MTHFR Basics from Dr Erlich

There is much confusion about MTHFR genetic mutations. While a source of much research, conventional medicine remains unable to agree on its clinical significance. Consequently the MAJORITY of people unknowingly carry a genetic mutation that can contribute to significant health issues – health issues that can be minimized by just taking a couple inexpensive B vitamins.

I am a holistic pediatrician and, for the past 2 years, I have tested almost every one of my pediatric patients for the MTHFR mutations. Over this time, I have found the majority of my patients (about 75%) have at least a single MTHFR mutation and upwards of 40% of my patients have a double mutation (either heterozygous (one of each) A1298C & C677T, homozygous (two) C677T or homozygous A1298C). The other doctors in my office also find similar percentages amongst their adult patients. Many research journals confirm similar frequencies, but often only test one or the other mutations. So this is a very common mutation – don’t let anyone convince you otherwise.

What does the MTHFR mutation do? Having a MTHFR mutation means that the enzyme that converts folic acid into it’s activated form (5-MTHF) acts sluggishly. Having two defects at the same point makes it more sluggish than just having one. As taught in basic chemistry, enzymes are the “rate limiting factor” to any biochemical reaction. Thus when an enzyme is sluggish, the biochemical reaction that relies upon it occurs slower than it should. When one pathway is working slower than others, the other pathways that depend upon it either back up or find a detour to shunt their excess product. Similar to what you may see on a highway, detour pathways are usually not as efficient, using more energy (ATP), and are prone to back ups, often causing new problems to be managed.

The MTHFR enzyme metabolizes folic acid into 5-MTHF, needed to combine with homocysteine to break it down and to facilitate methylation processes in the body. Thus, what is often seen with MTHFR mutations are: elevated homocysteine levels and defective methylation.* High homocysteine is associated with increased heart disease risk, strokes and blood clots. When the MTHFR mutation is correctly supported through vitamin supplementation (nutritionally bypassing the mutated enzyme and redirecting the pathway with B12 and sometimes P5P), homocysteine levels decrease, often quickly and dramatically, and patients see results clinically.

[*Homocysteine levels will often be normal even in the face of homozygous MTHFR mutations. I see this occuring frequently in children, whose homocysteine levels typically are much lower than adults (homocysteines of 4-6) whereas normal adult levels are 8. Thus a normal homocysteine does not at all promise a normal MTHFR genetic profile. Homocysteine levels can be elevated in people who have B12 deficiency, as B12 is a cofactor in the breakdown of homocysteine. Thus high homocysteines do not promise MTHFR mutations either.]
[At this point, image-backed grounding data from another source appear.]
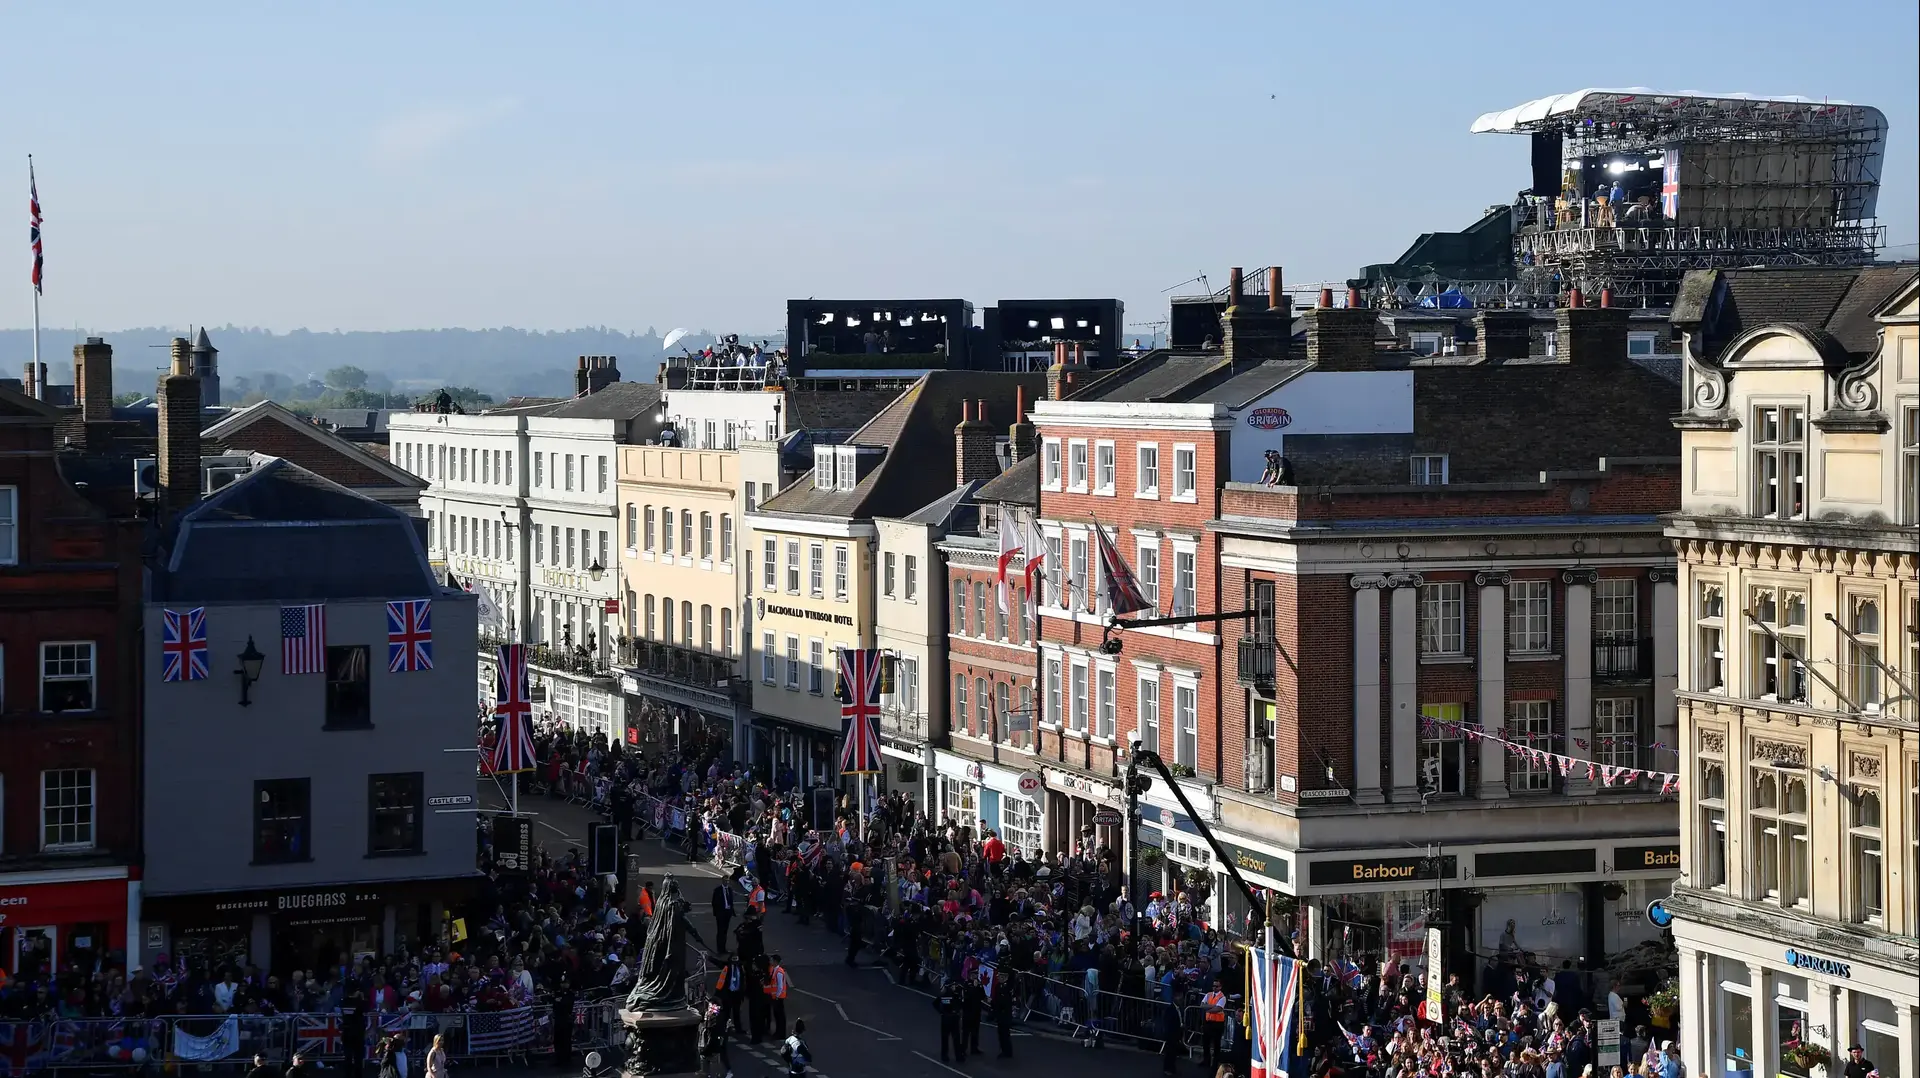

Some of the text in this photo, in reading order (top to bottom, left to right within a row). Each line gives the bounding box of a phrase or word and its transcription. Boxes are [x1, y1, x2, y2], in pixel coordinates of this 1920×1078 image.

[1249, 415, 1290, 425] BRITAIN
[767, 604, 854, 626] MACDONALD WINDSOR HOTEL
[1328, 788, 1348, 797] STREET
[1094, 815, 1120, 823] BRITAIN
[519, 823, 529, 871] BLUEGRASS
[1236, 849, 1267, 872] Barbour
[1353, 863, 1415, 879] Barbour
[215, 900, 269, 911] SMOKEHOUSE
[277, 892, 347, 910] BLUEGRASS
[1797, 952, 1850, 979] BARCLAYS
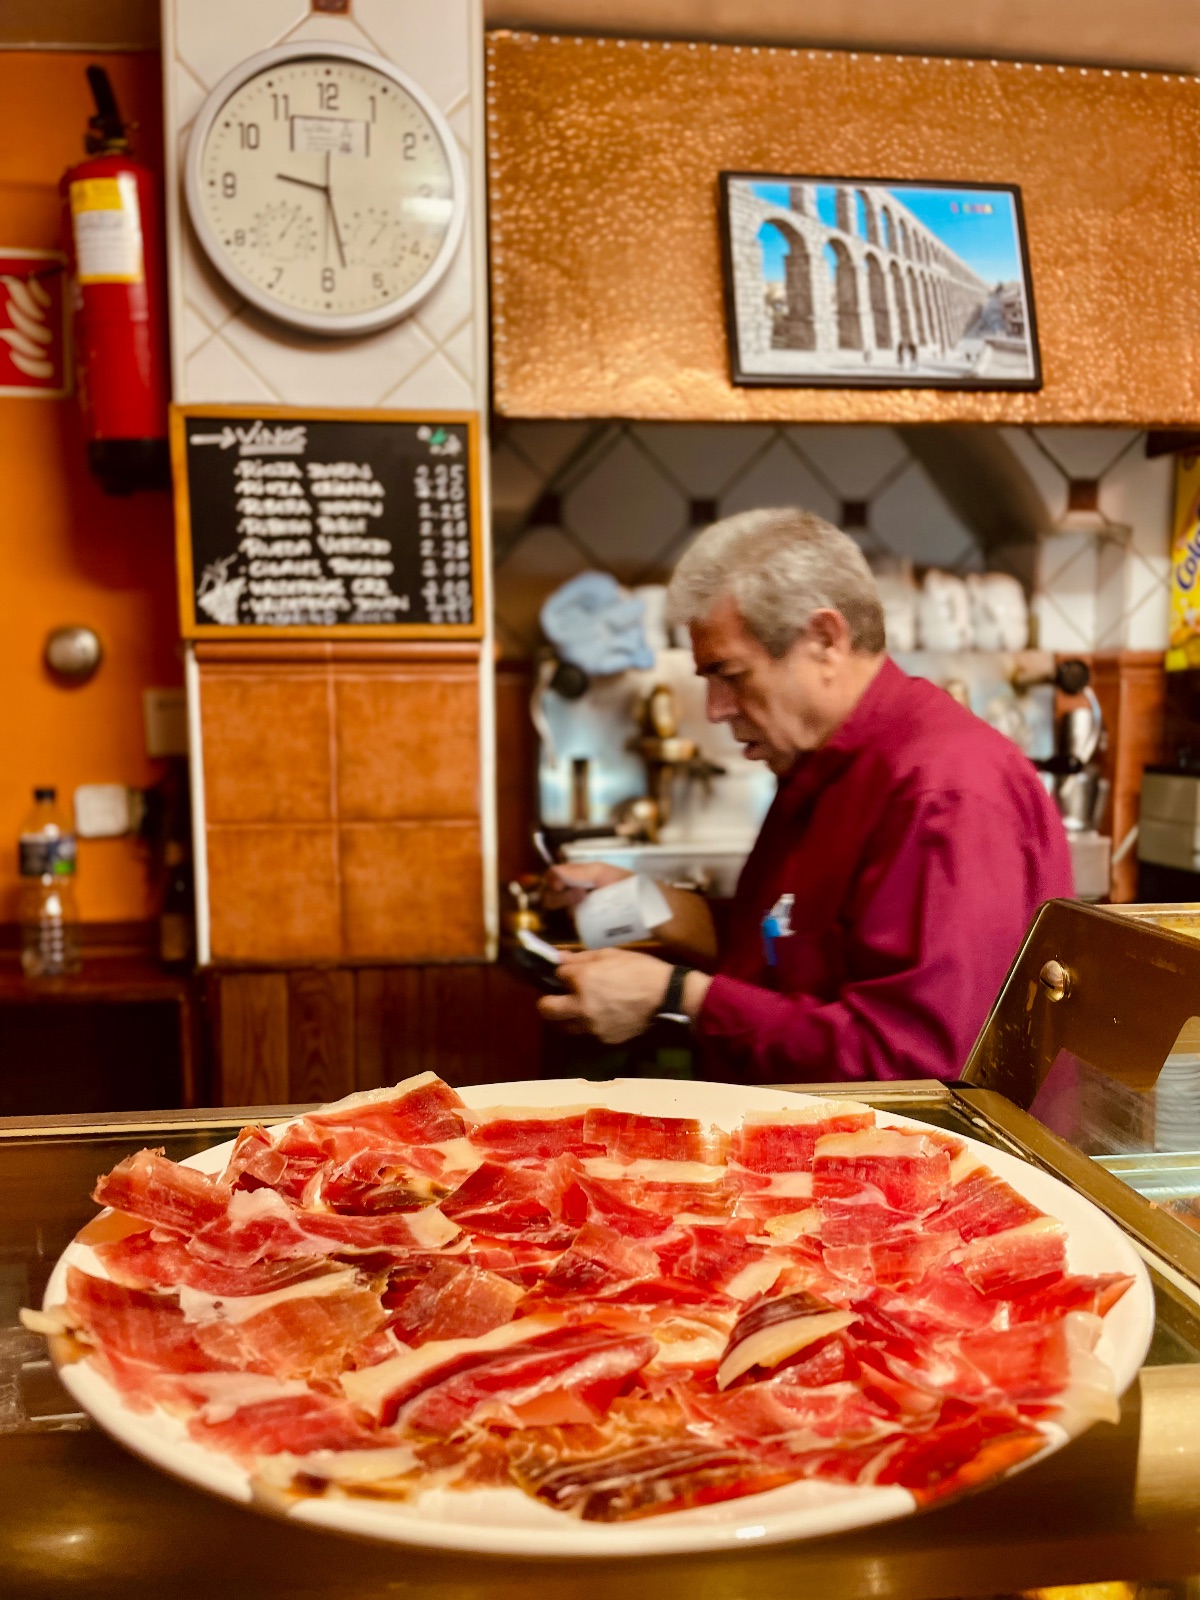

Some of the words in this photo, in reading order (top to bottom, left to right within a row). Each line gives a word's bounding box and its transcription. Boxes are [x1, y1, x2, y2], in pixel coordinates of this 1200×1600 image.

[271, 93, 289, 121] 11
[317, 82, 339, 110] 12
[369, 95, 376, 123] 1
[238, 122, 260, 150] 10
[402, 132, 416, 160] 2
[273, 267, 284, 284] 7
[321, 267, 335, 293] 6
[372, 272, 383, 289] 5
Methylation is required for many processes in the body, from breaking down histamine, seratonin and dopamine to turning DNA on and off. Consequently, having a defective methylation capability is associated with psychiatric illnesses, such as schizophrenia, depression and bipolar, as well as autoimmunity disorders, ADD, autism, spina bifida, Down’s syndrome, miscarriages, and cancer. Defective methylation can come from not having the 5-MTHF or not having enough B12, so the disorders and symptoms associated with the MTHFR mutations often overlap with those due to B12 deficiency. Many may simultaneously have deficiencies in both. As B12 helps to redirect the detour to the more efficient pathway, I always recommend that my patients with MTHFR mutations take both 5-MTHF and B12.

While I don’t test every one of my patients for the MTHFR mutation, I certainly try to test everyone who has a family history of cardiovascular disease, mental illness, autoimmune disorders, spinal cord defects, cancer or miscarriages. As these disorders are all too common, this explains why I end up ordering MTHFR testing, as well as B12 levels, on the vast majority of my patients.
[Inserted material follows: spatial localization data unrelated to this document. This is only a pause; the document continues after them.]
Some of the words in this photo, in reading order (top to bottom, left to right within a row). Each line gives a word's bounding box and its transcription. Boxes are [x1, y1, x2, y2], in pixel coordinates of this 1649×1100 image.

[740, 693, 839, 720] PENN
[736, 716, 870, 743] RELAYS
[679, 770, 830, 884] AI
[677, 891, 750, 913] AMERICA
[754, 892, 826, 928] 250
I find that knowing your MTHFR status is far more empowering than it is scary. It allows you to provide your body with what it needs to function most efficiently and hopefully prevent disease. Finding that you have a mutation, or even two, also encourages you to get your other family members tested. Parents and siblings may likely also carry this mutation and often benefit greatly from the additional knowledge and support.

About the Author:
Katherine Erlich, M.D is a board certified pediatrician practicing at Healing the Whole Child in West Bloomfield, Michigan. She takes a practical and individualized approach to pediatric care that focuses on the principles of health, wellness, and the safe resolution of illness. She is dedicated to integrating treatments that use natural methods to stimulate healing, recover balance, and support the body’s own resilience. Dr. Erlich, along with nutritionist Kelly Genzlinger, just recently authored a book, titled “Super Nutrition for Babies” in which they explain why and how to provide optimal nutrition to your child so to maximize the long-term health and wellness.

12 Responses to “MTHFR Basics from Dr Erlich”

  1. Abby March 3, 2012 at 1:07 am # Reply

    Just checking to see if you know of any doctors in the Chicago area knowledgeable concerning this issue?

    • Dr Ben March 4, 2012 at 6:28 am # Reply

      Please check the page: Find a Doctor I do not know of any personally at the moment.

  2. Josh March 12, 2012 at 7:03 pm # Reply

    If the majority of patients have a MTHFR mutation, why don’t more people show symptoms? Or is it just that the people who do have symptoms are the ones seeking treatment thus skewing the data?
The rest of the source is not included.